Nos termos do disposto no art.11, §1º do ECA, a criança e o adolescente PORTADORES DE DEFICIÊNCIA deverão receber TRATAMENTO ESPECIALIZADO, norma que encontra respaldo no art.227, §1º, inciso II da Constituição Federal.
O Estatuto estabelece, de maneira EXPRESSA, que o Poder Público está OBRIGADO a FORNECER GRATUITAMENTE a crianças e adolescente que necessitem, os MEDICAMENTOS, PRÓTESES e OUTROS RECURSOS necessários ao TRATAMENTO, HABILITAÇÃO ou REABILITAÇÃO, sendo que o não fornecimento ou a oferta irregular de tais produtos e serviços autoriza o ajuizamento de AÇÃO CIVIL PÚBLICA por parte do MP - art.11, §2º, c/c art.201, incisos V, VII e VIII e art.208, inciso VII do ECA.
Os estabelecimentos de atenção à saúde tem o DEVER de proporcionar condições para a PERMANÊNCIA EM TEMPO INTEGRAL de UM DOS PAIS OU RESPONSÁVEL em companhia da criança ou adolescente que estiver internado - art.12 do ECA.
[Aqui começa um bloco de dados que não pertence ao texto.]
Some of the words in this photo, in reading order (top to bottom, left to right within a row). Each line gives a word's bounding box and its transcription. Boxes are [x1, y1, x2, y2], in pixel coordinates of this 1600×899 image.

Sem prejuízo de outras providências, os casos de mera SUSPEITA ou CONFIRMAÇÃO de MAUS-TRATOS contra criança ou adolescente OBRIGATORIAMENTE TERÃO DE SER COMUNICADOS ao CONSELHO TUTELAR pelo MÉDICO ou RESPONSÁVEL POR ESTABELECIMENTO DE PROTEÇÃO À SAÚDE, sob pena da prática de INFRAÇÃO ADMINISTRATIVA às normas de proteção à criança e ao adolescente, que sujeita o infrator a uma pena de MULTA de 03 a 20 salários-de-referência, aplicando-se o DOBRO no caso de reincidência - art.13 c/c art.245 do ECA.
O SUS deverá promover PROGRAMAS DE ASSISTÊNCIA MÉDICA e ODONTOLÓGICA objetivando a PREVENÇÃO de doenças que ordinariamente afetam a população infantil, bem como CAMPANHAS DE EDUCAÇÃO SANITÁRIA PARA PAIS, EDUCADORES E ALUNOS, sendo também OBRIGATÓRIA a VACINAÇÃO de crianças nos casos recomendados - art.14 e par. único do ECA.
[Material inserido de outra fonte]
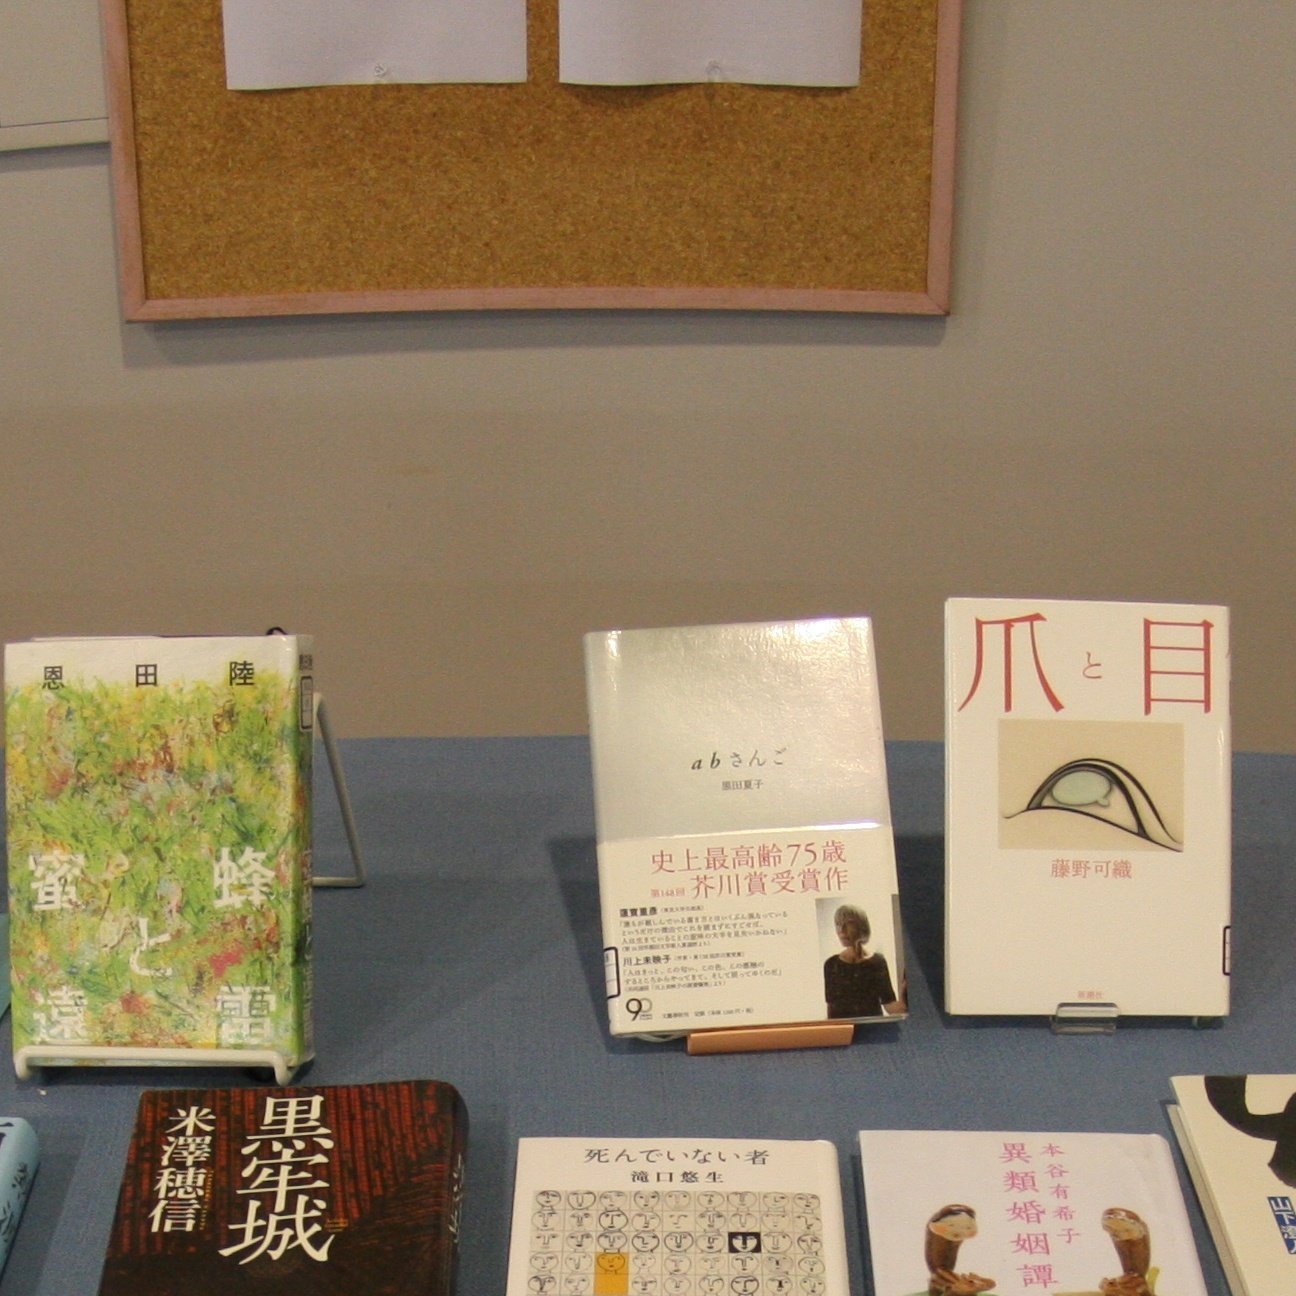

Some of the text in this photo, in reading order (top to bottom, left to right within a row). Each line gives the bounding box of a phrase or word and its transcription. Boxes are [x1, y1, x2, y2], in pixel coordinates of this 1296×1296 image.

[42, 660, 256, 691] 恩田陸
[957, 612, 1215, 716] 爪と目
[721, 779, 764, 792] 黒田夏子
[29, 847, 276, 911] 蜜蜂
[651, 839, 847, 874] 史上最高齢75歳
[1051, 858, 1133, 879] 藤野可織
[692, 867, 848, 898] 芥川賞受賞作
[129, 918, 172, 976] と
[622, 955, 671, 967] 川上未映子
[33, 985, 276, 1046] 遠雷
[149, 1105, 217, 1233] 米澤穂信
[218, 1094, 335, 1265] 黒牢城
[584, 1147, 769, 1166] 死んでいない者
[630, 1169, 724, 1184] 滝口悠生
[1000, 1142, 1058, 1288] 異類婚姻譚
[1040, 1142, 1080, 1245] 本谷有希子
Tais disposições evidenciam a preocupação do ECA com o aspecto PREVENTIVO.
2 - DIREITO À LIBERDADE, AO RESPEITO E À DIGNIDADE:
São DIREITOS CONSTITUCIONAIS de TODA PESSOA HUMANA, independentemente de sua idade, tendo sido REPRODUZIDOS pelo ECA apenas para reforçar a idéia de que TODOS têm o DEVER de RESPEITAR e FAZER RESPEITAR tais direitos (art.227, caput da CF e arts.3º, 4º, caput, 5º, 18 e 70 do ECA).